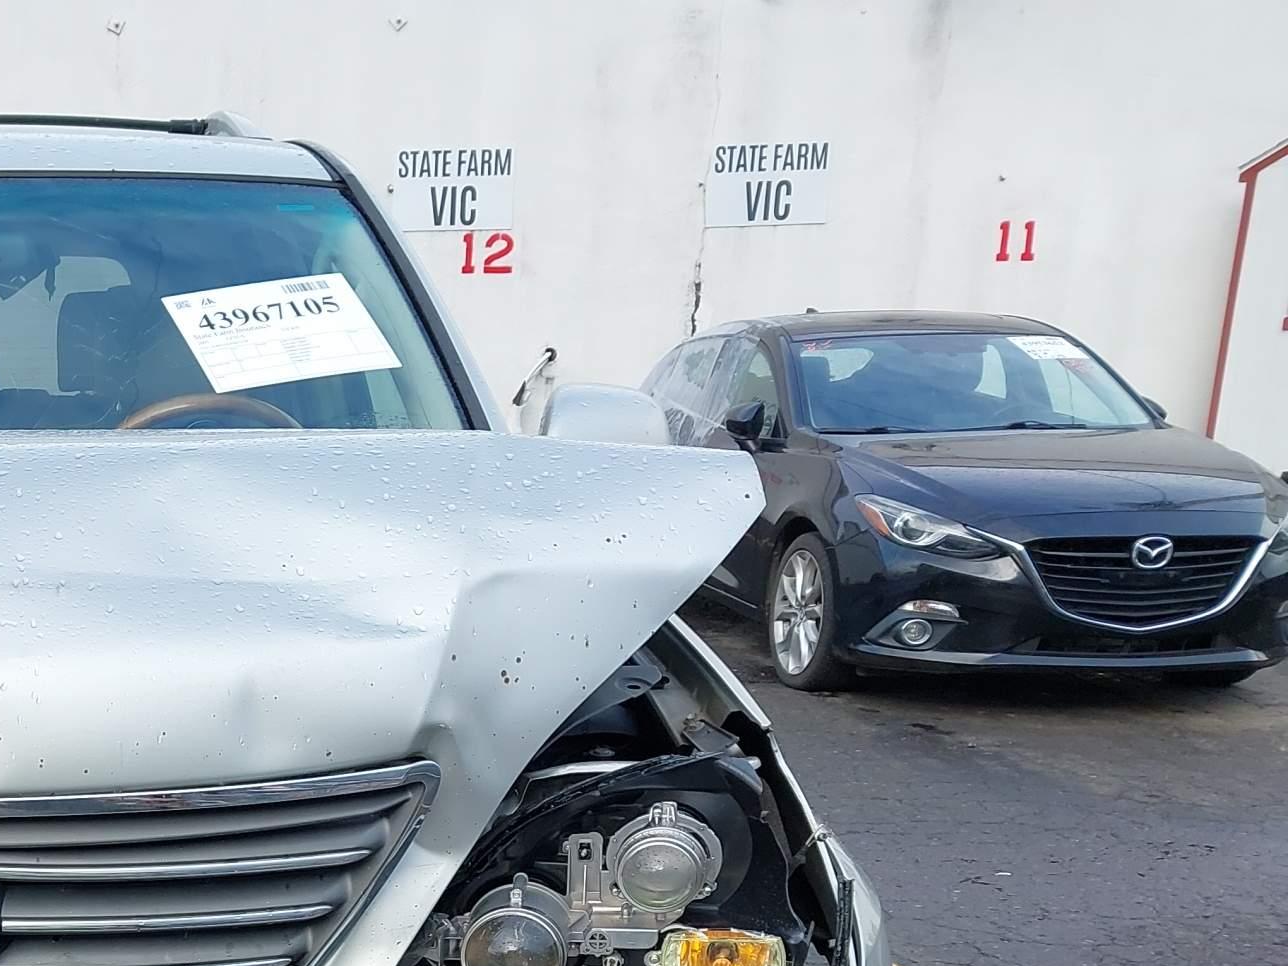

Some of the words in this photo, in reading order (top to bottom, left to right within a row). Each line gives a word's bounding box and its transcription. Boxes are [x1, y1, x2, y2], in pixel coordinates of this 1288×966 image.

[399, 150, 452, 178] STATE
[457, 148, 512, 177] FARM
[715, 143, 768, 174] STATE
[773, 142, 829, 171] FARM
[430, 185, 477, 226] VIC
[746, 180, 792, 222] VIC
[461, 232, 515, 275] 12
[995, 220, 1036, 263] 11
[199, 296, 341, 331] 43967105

====

*Exercise brief*:
None of the pictures should be kept; reproduce all the remaining material exactly.

*Reply*:
Some of the words in this photo, in reading order (top to bottom, left to right within a row). Each line gives a word's bounding box and its transcription. Boxes are [x1, y1, x2, y2], in pixel coordinates of this 1288×966 image.

[399, 150, 452, 178] STATE
[457, 148, 512, 177] FARM
[715, 143, 768, 174] STATE
[773, 142, 829, 171] FARM
[430, 185, 477, 226] VIC
[746, 180, 792, 222] VIC
[461, 232, 515, 275] 12
[995, 220, 1036, 263] 11
[199, 296, 341, 331] 43967105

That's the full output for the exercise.